It is a nice little book by professional debater and opinionator designed to expire his future colleagues. There is a lot I would agree on with Hitchens except for one small thing – it kind of easy to be a contrarian if one gets paid for it, has significant support of surrounding people and no real risk to suffer consequences from “establishment”. In other words in well developed democratic state when attacking existing order verbally or in writing is a very secure and even beneficial career choice. But it there was nothing courageous about it.
Attacking Christian church, Western Imperialism, Capitalism, and such is not only was save, but actually career enhancing activity in the second half of XX century for western intellectual. Even for many intellectuals in Eastern block acting against existing socialist regimes it was not as dangerous as one would think. The common attitude of educated part of population to these regimes could be characterized as “finger in the pocket” with safety pretty much insured as long as finger remained in the pocket.
More important question that Hitchens failed to address was selection of causes between evils. Granted Hitchens does put socialist murderous dictators like Stalin in the same bucket as Hitler (who, by the way, ideologically was not that far away with his National-Socialism from Stalin’s international socialism). However he fails to distinguish between regimes for which murderous activity was necessitated by core logic of regime from regimes for with such activity was just a feature.
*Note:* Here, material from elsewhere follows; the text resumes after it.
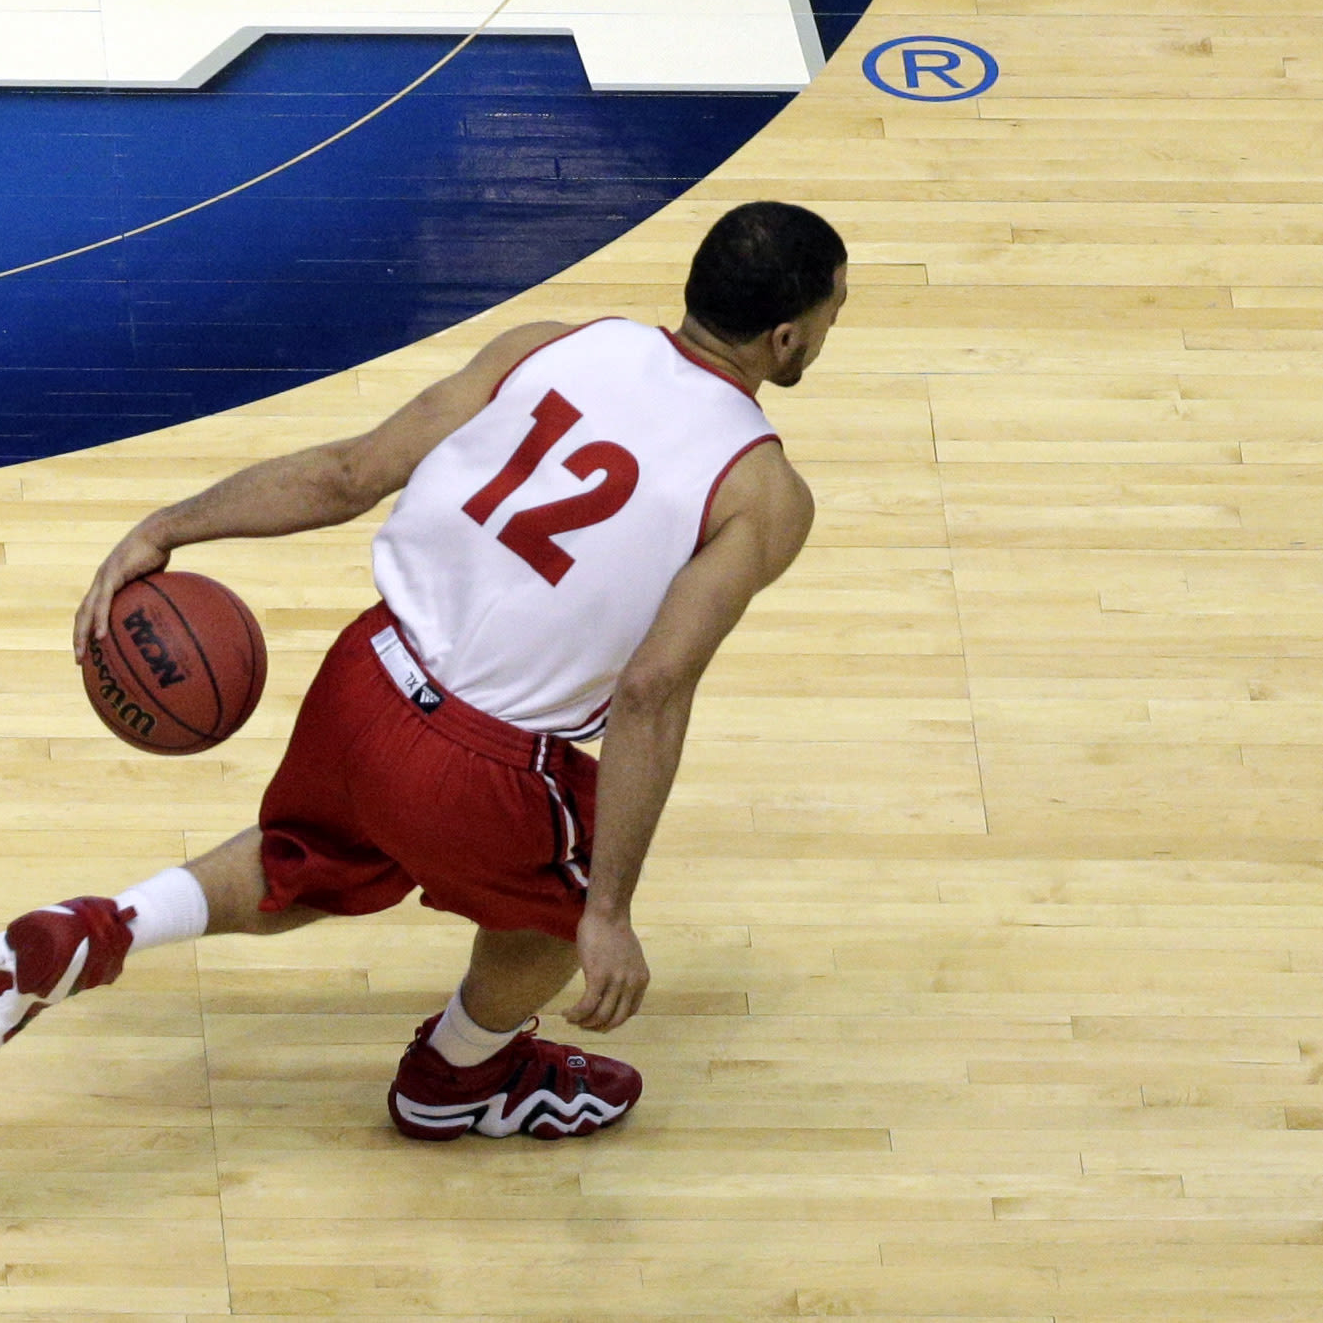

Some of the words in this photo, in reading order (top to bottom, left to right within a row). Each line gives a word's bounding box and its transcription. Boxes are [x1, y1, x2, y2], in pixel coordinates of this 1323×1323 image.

[462, 388, 640, 587] 12
[123, 608, 186, 688] NCAA
[404, 671, 420, 691] XL
For example he is still proud of his support of North Vietnam completely missing the fact that North Vietnamese communist regime was based on statist ideas which by the time of war proved to be murderous to great number of regular people through artificial famines, overwork, and other miseries that followed inevitably with government control over economy. Comparatively the corrupted, undemocratic, and incompetent regime of South Vietnam with all its evil left regular people more or less economically alone content with robbery rather then ideologically motivated slavery and annihilation.
The western idealists – socialists will never accept their own guilt in innumerable killings of Soviet, Chinese, and many other regimes that they enabled by their support, but it would nice if they would at least understood the connection. Hitchens probably more then other getting close to such understanding, but he seems to be not able to step over this threshold.